Copy nothing but the text: repeat each entry exactly and drop the images.

Start of Raw data

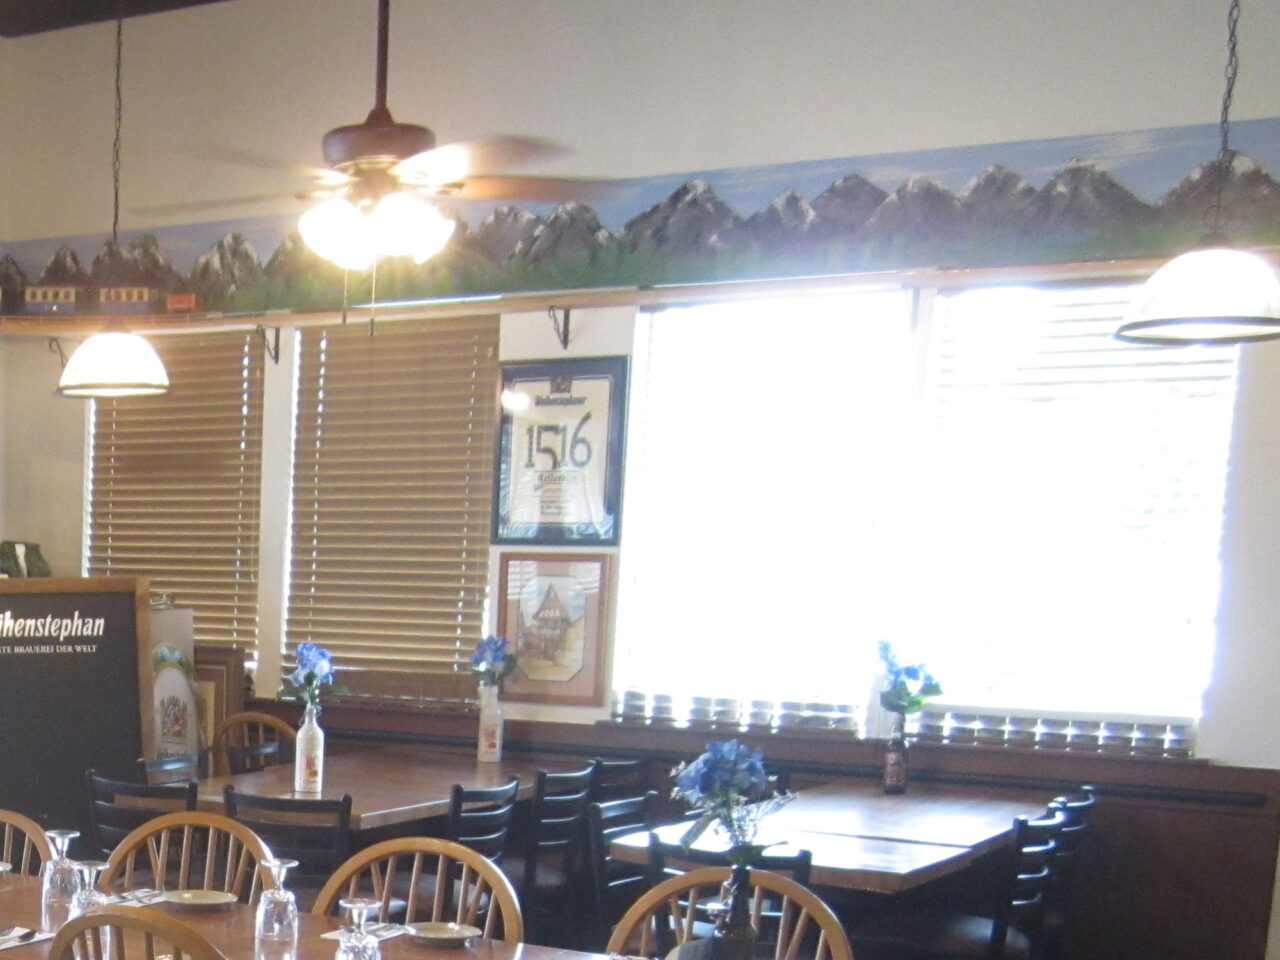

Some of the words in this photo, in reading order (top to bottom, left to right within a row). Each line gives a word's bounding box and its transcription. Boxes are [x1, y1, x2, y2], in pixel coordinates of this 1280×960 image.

[525, 410, 593, 470] 1516
[13, 644, 55, 654] BRAUEREI
[56, 644, 73, 653] DER
[74, 644, 98, 653] WELT
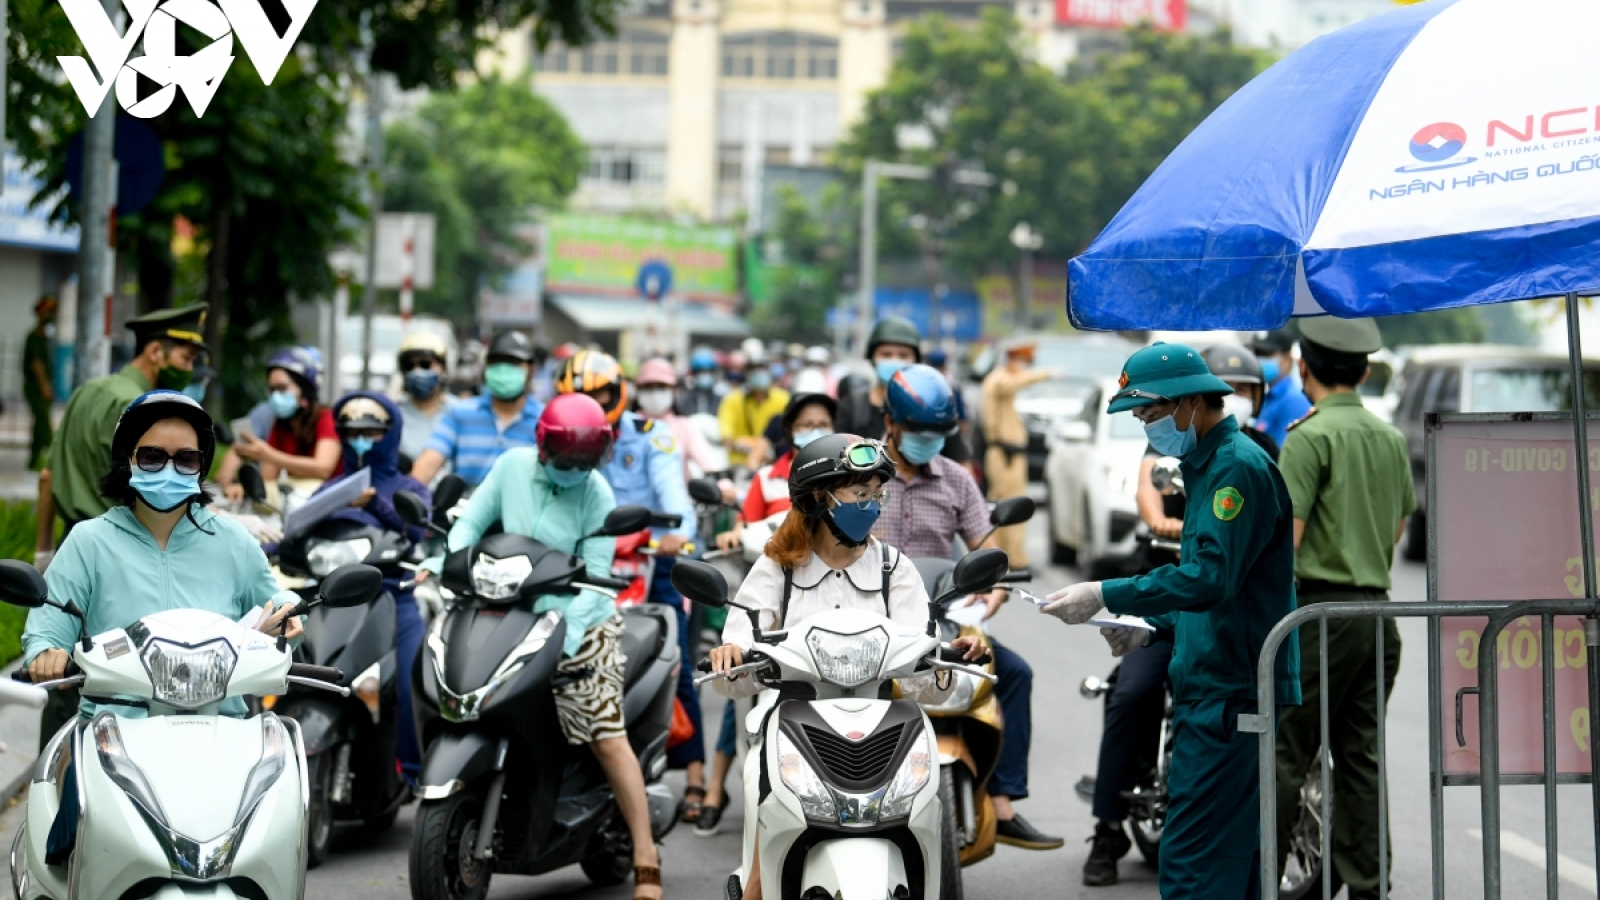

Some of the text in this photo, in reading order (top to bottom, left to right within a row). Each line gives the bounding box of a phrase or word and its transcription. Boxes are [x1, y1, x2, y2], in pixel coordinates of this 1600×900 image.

End of Raw data

- Exercise result -
Some of the words in this photo, in reading order (top to bottom, left to right within a row). Each line gives a word's bounding box and its transcription. Boxes are [x1, y1, x2, y2], in pixel coordinates of this 1280×960 image.

[525, 410, 593, 470] 1516
[13, 644, 55, 654] BRAUEREI
[56, 644, 73, 653] DER
[74, 644, 98, 653] WELT

Some of the text in this photo, in reading order (top to bottom, left to right within a row). Each line gives the bounding box of a phrase or word and its transcription. Boxes are [x1, y1, x2, y2], in pixel coordinates of this 1600×900 image.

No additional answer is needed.